Is it possible for humanity to become extinct due to climate change? Absolutely – but according to some experts, such end-time scenarios are given too little attention. They call for more research in the field and better preparation for the worst possible consequences of global warming.

According to experts, climate change could, in the worst case, lead to human extinction. So far, too little is known about such end-time scenarios and their probability, writes an international team in the “Proceedings” of the US National Academy of Sciences (“PNAS”). Under the heading “Climate Endgame: Exploring Catastrophic Climate Change Scenarios,” the authors advocate more prudent risk management and more research into the worst-case scenarios of global warming.
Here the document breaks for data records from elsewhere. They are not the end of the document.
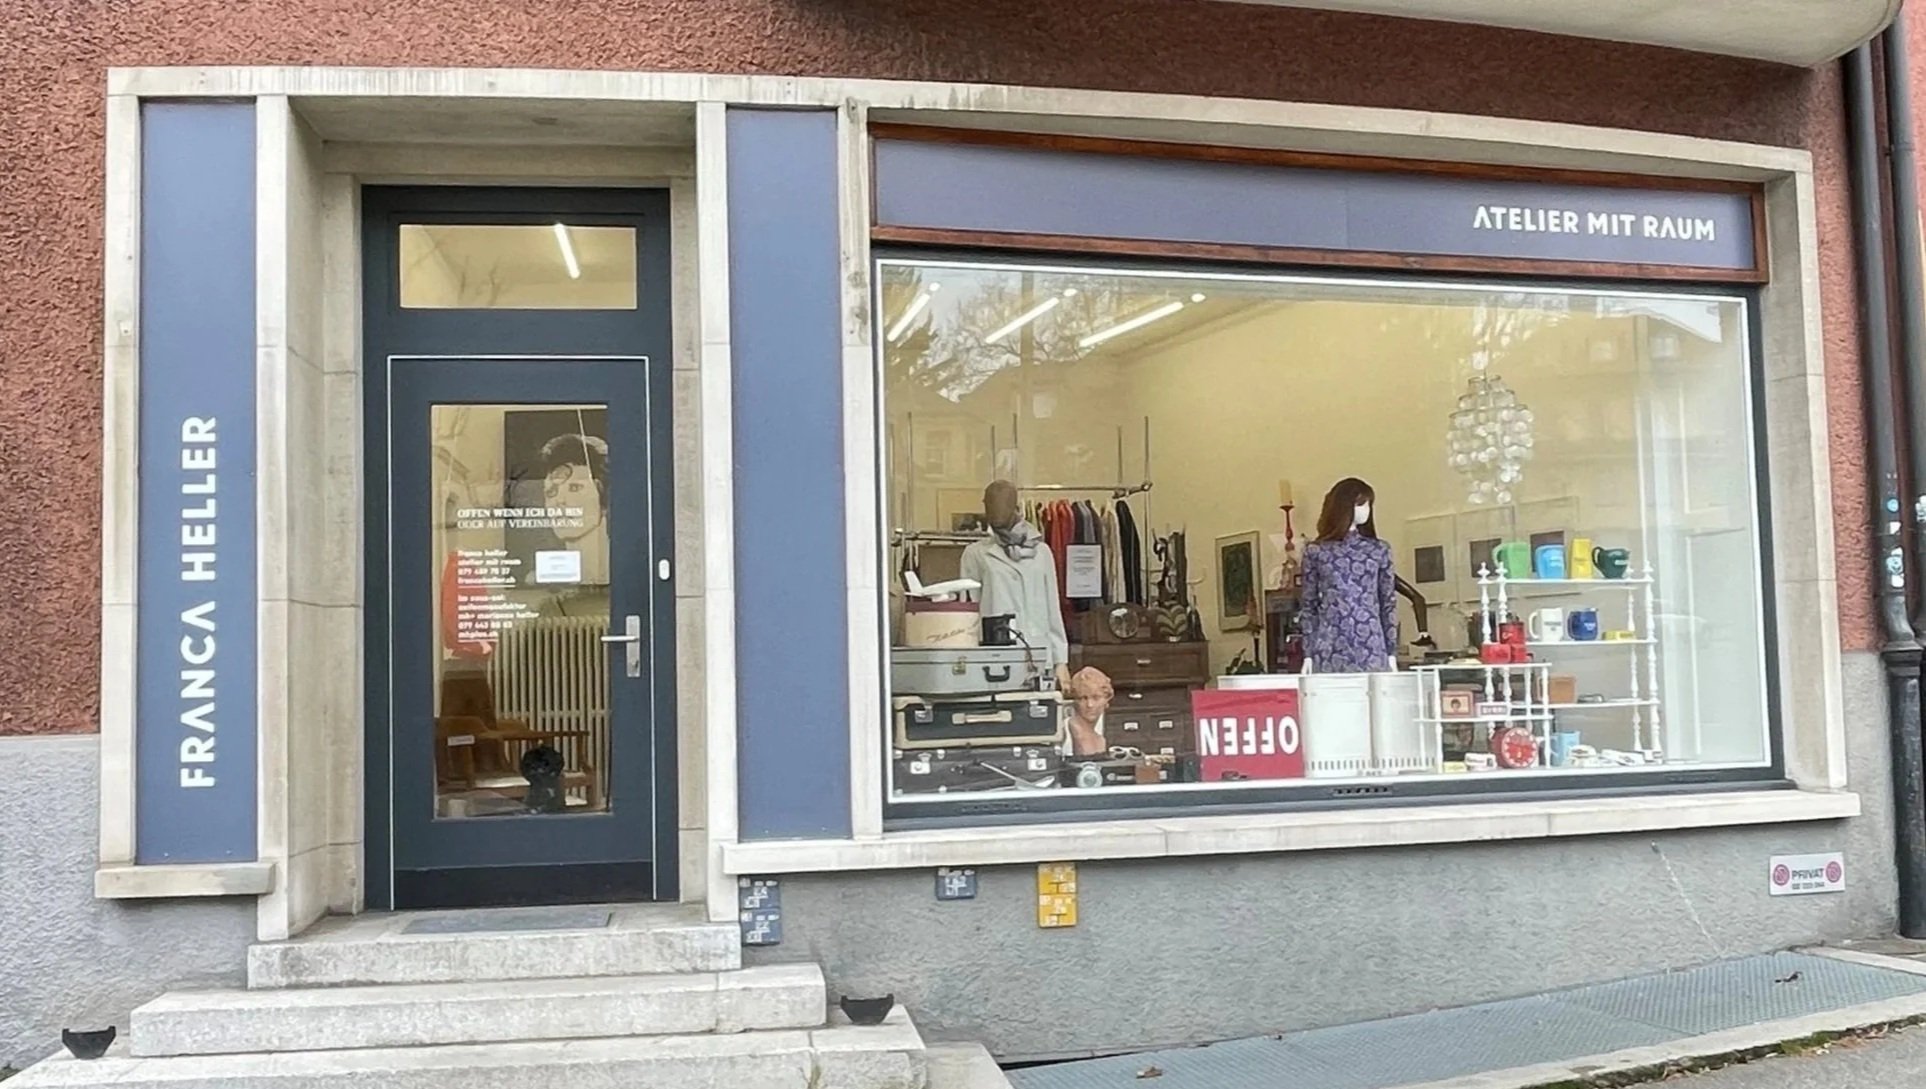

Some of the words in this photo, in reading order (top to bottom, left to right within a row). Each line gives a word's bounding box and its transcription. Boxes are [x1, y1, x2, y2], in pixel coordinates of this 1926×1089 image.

[1473, 206, 1579, 233] ATELIER
[1587, 212, 1636, 236] MIT
[1643, 215, 1715, 241] RAUM
[181, 416, 216, 580] HELLER
[457, 508, 490, 518] OFFEN
[493, 507, 523, 518] WENN
[525, 507, 545, 517] ICH
[547, 507, 563, 517] DA
[508, 517, 584, 528] VEREINBARUNG
[180, 600, 216, 787] FRANCA
[1791, 868, 1824, 880] PRIVAT
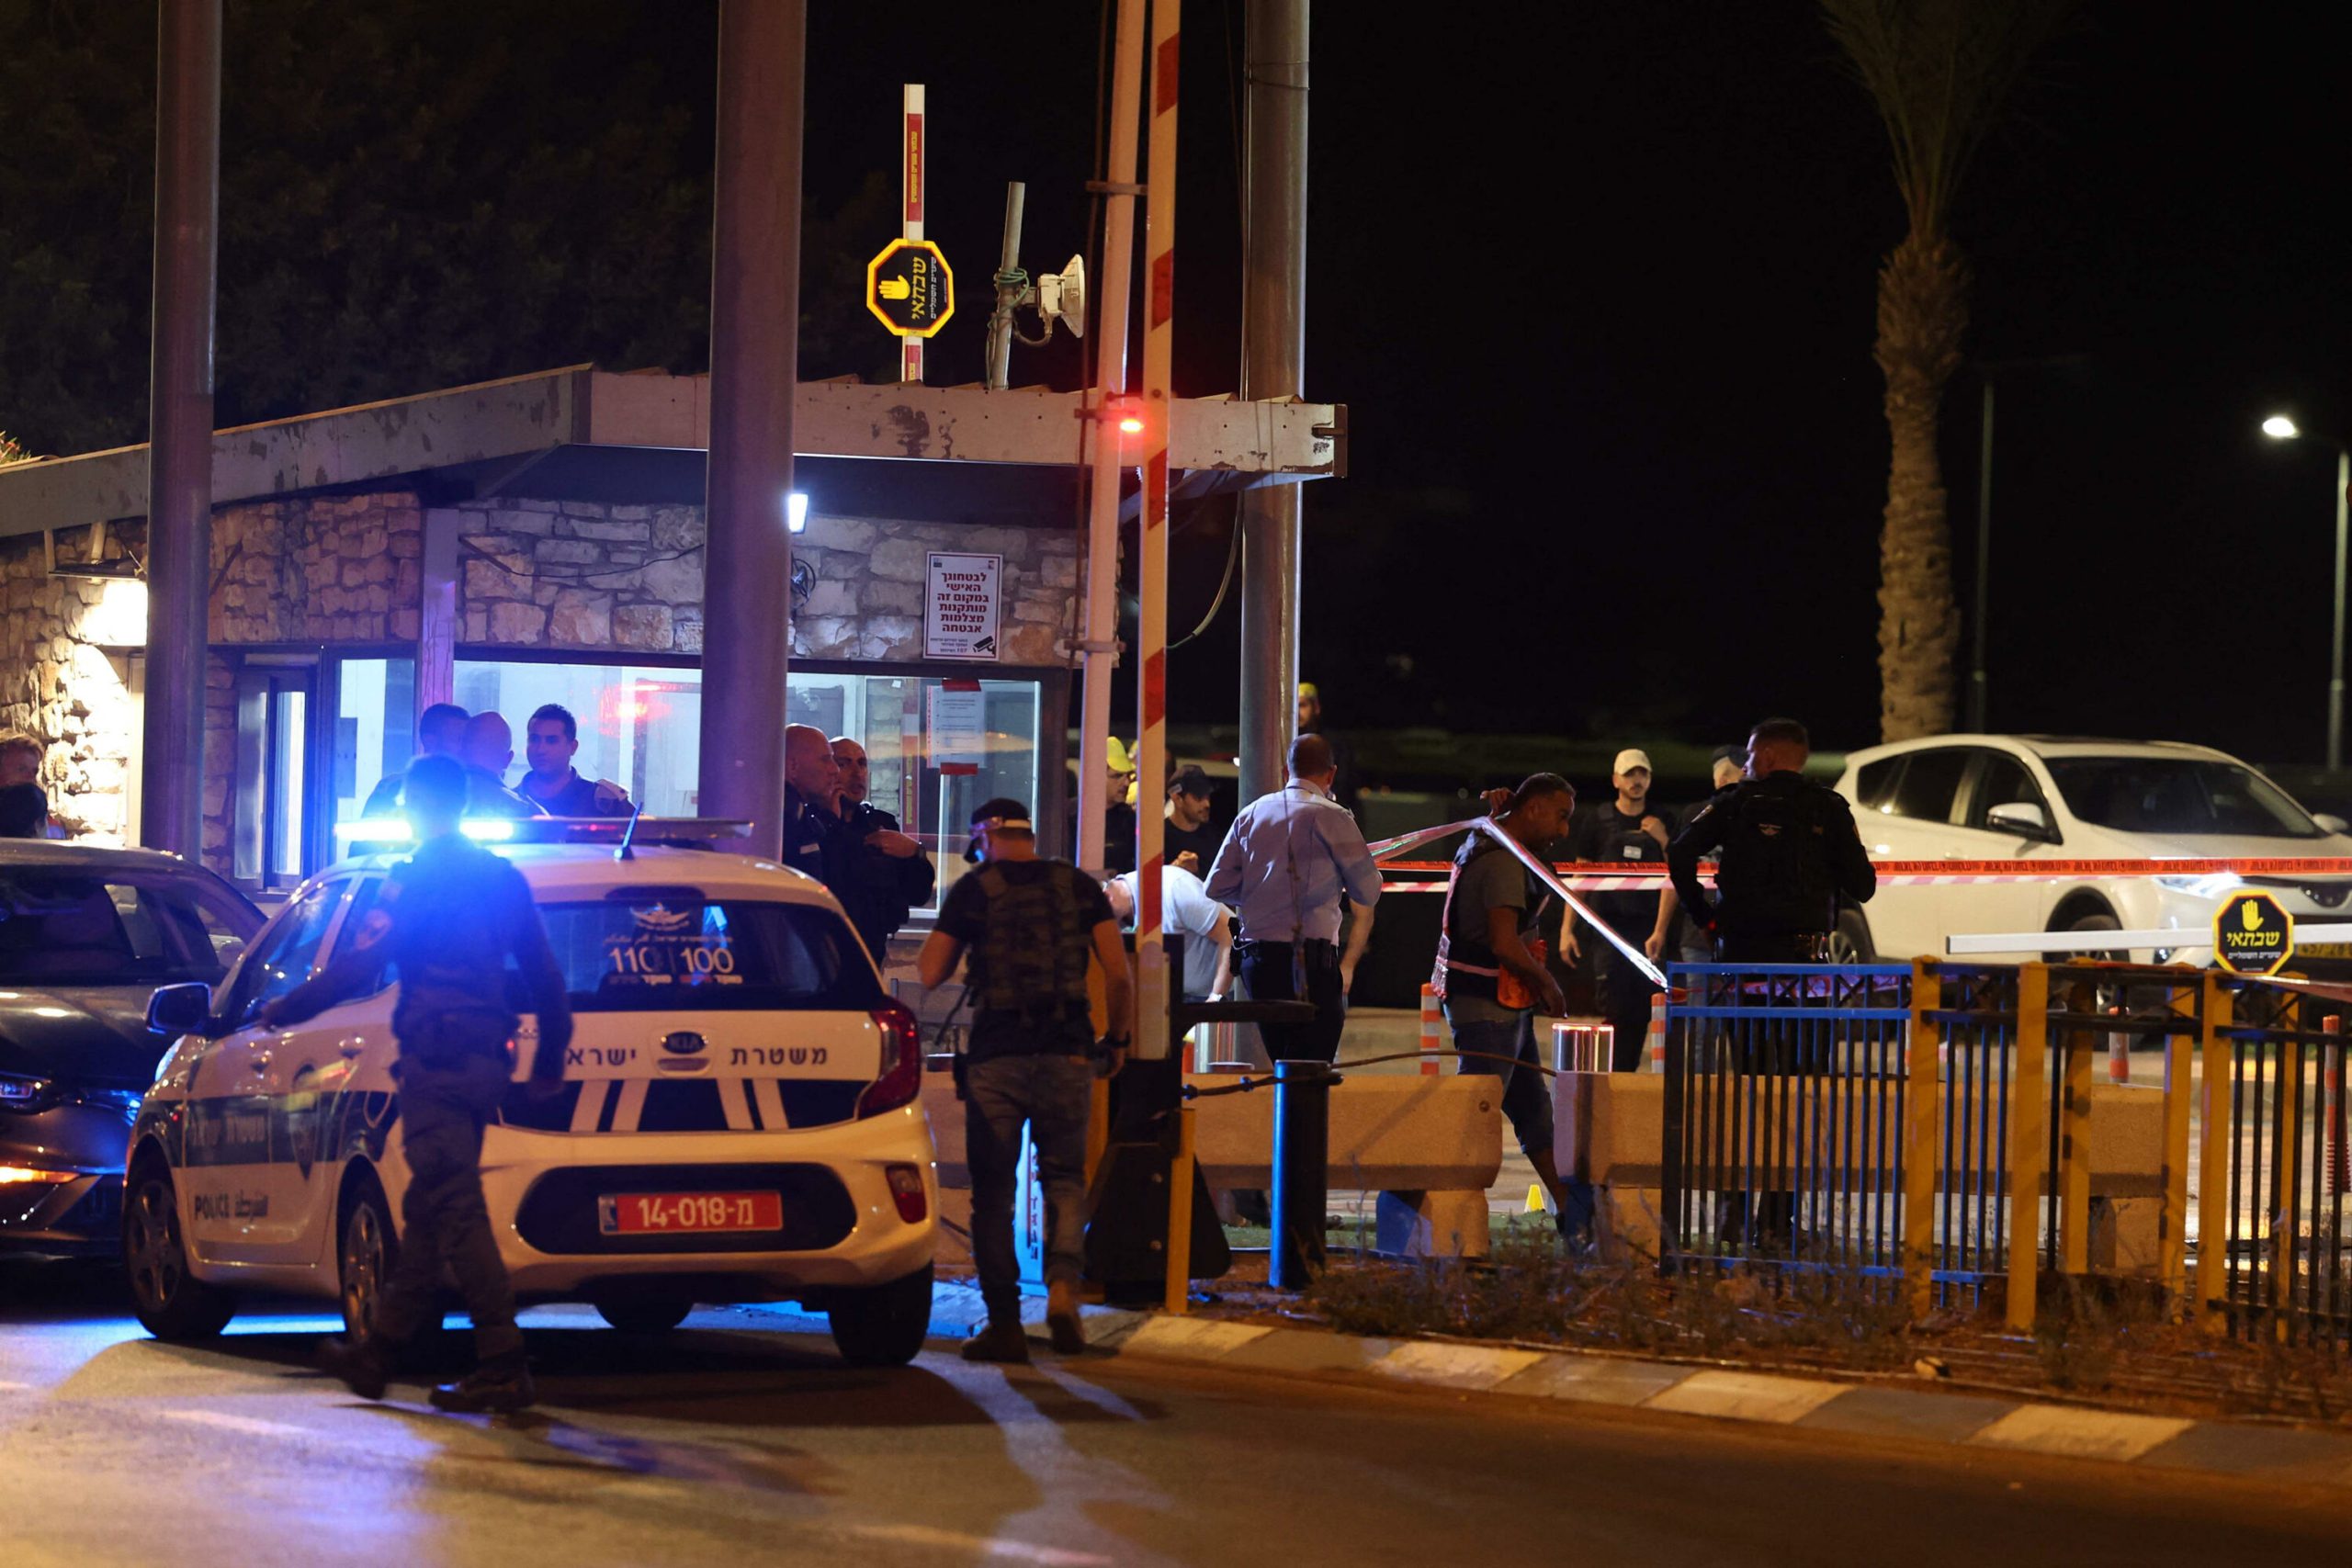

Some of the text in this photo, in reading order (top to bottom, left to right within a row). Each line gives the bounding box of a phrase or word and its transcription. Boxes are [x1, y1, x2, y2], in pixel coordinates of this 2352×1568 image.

The world must start preparing for end-time scenarios caused by climate change.

“There is ample evidence that climate change could reach catastrophic proportions,” write the scientists, including former and one current director of the Potsdam Institute for Climate Impact Research (PIK), Hans Joachim Schellnhuber and Johan Rockstrom. Despite 30 years of effort, human-caused greenhouse gas emissions have continued to rise. “Even discounting the worst-case scenario of climate change, the world is on track to experience a temperature increase of between 2.1 and 3.9 degrees by 2100.”
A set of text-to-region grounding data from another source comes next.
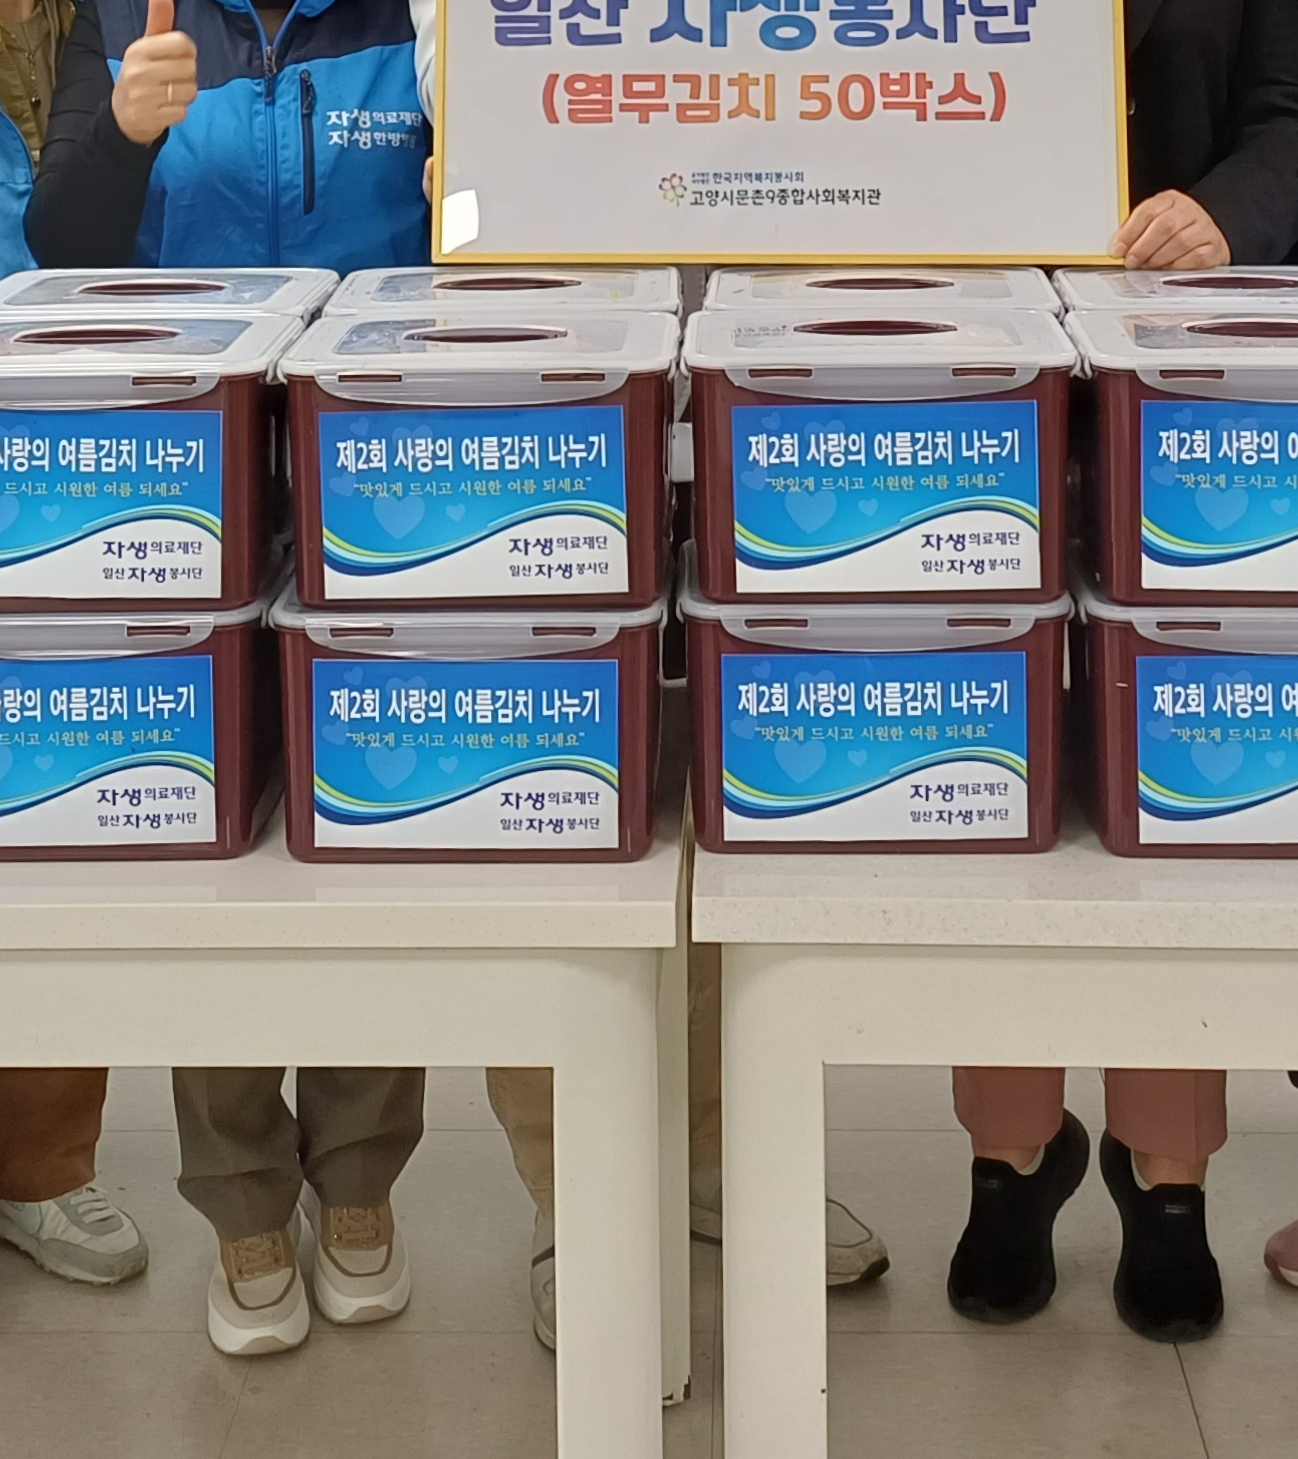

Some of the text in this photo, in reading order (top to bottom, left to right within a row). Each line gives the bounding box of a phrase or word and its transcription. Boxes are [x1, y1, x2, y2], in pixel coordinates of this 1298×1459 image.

[542, 71, 1007, 125] (열무김치 50박스)
[326, 108, 423, 128] 자생의료재단
[689, 188, 881, 208] 고양시문촌9종합사회복지관
[58, 437, 137, 473] 여름김치
[145, 438, 204, 474] 나누기
[336, 433, 607, 474] 제2회 사랑의 여름김치 나누기
[747, 429, 1020, 468] 제2회 사랑의 여름김치 나누기
[1158, 428, 1211, 464] 제2회
[1218, 428, 1279, 466] 사랑의
[408, 480, 454, 497] 드시고
[457, 479, 503, 497] 시원한
[507, 478, 537, 495] 여름
[1231, 473, 1278, 490] 드시고
[102, 540, 203, 561] 자생의료재단
[508, 535, 608, 557] 자생의료재단
[920, 531, 1021, 553] 자생의료재단
[49, 686, 129, 722] 여름김치
[136, 684, 195, 721] 나누기
[329, 687, 600, 725] 제2회 사랑의 여름김치 나누기
[737, 680, 1009, 718] 제2회 사랑의 여름김치 나누기
[1152, 682, 1205, 719] 제2회
[1212, 681, 1274, 719] 사랑의
[96, 786, 197, 808] 자생의료재단
[500, 791, 600, 812] 자생의료재단
[909, 782, 1009, 804] 자생의료재단
Nevertheless, the consequences of a warming of three degrees have not yet been sufficiently investigated. The research focuses on scenarios in which the consequences of climate change are moderate. “Facing a future of accelerated climate change without considering the worst-case scenarios is naïve risk management at best and fatally foolish at worst,” it said.

For climate researcher Niklas Höhne from Wageningen University, the worst-case scenario of extinction is still “relatively far away”. “But before that there are gradations,” said the expert, who was not involved in the article. “It is quite likely that whole parts of the country and countries are no longer habitable.”

In their article, the researchers write about the expansion of areas with extreme heat – that is, an annual average temperature of over 29 degrees Celsius. Around 30 million people in the Sahara and on the Gulf Coast are currently affected. According to the team’s modeling, two billion people could live in such areas by 2070.

This shows how complex climate impacts could be. “By 2070, these temperatures and the social and political consequences will directly affect two nuclear powers and seven high-security laboratories housing the most dangerous pathogens,” says co-author Chi Xu of China’s Nanjing University. “There is serious potential for catastrophic consequences.”

The scientists therefore advocate including more complex relationships in future risk assessments. They warn of a “risk cascade” in which individual consequences of climate change trigger further problems. For example, heat and uninhabitable areas could lead to migration, social unrest and international conflicts.

“We are increasingly understanding the interaction and interactions between climate change and other areas such as biodiversity, the economy and food production,” says Daniela Jacob, Director of the German Institute for Climate Services (GERICS), who was not involved in the article. “Now we are so far that we can collect this knowledge and thus generate important insights for the survival of the earth system.”

The scientists write that the consequences of climate change are particularly dangerous with regard to tipping points. These thresholds are comparable to a cup on a table: if you push it towards the edge, nothing happens at first – until it reaches a tipping point where it crashes. For climate change this means something like: The melt in an ice region reaches a point where it can no longer be stopped. Once regions of ice have melted, the ice is gone for the time being. This is particularly dangerous when one tipping point leads to another.

According to the authors, the Intergovernmental Panel on Climate Change (IPCC) has not yet sufficiently dealt with the possible catastrophic consequences of climate change. None of the IPCC’s 14 special reports deal with extreme or catastrophic climate change. According to the authors, they should be taken into account in the next report.

Jacob, who was lead author of an IPCC special report herself, also supports it. “I think that’s right, because it does two things: On the one hand, a special report collects the state of knowledge on the subject. It shows whether we know enough or have gaps,” she says. “And on the other hand, this analysis triggers research.”

It is questionable whether such scenarios should be discussed outside of science. “It’s a step too early for me,” she says. “In dialogue with the public, you won’t get any further with such end-time scenarios if you don’t yet know exactly what can happen, when it could happen and what you have to do to prevent the worst.”

Höhne, on the other hand, considers it important to educate people about worst-case scenarios. “We have to clearly communicate what the risks are. And on the other hand say: We still have it in our hands,” says the researcher. “We know how to do it, we have the technologies and we know the political measures. It’s not even expensive, it’s even cheaper in the long run to do something about climate change.”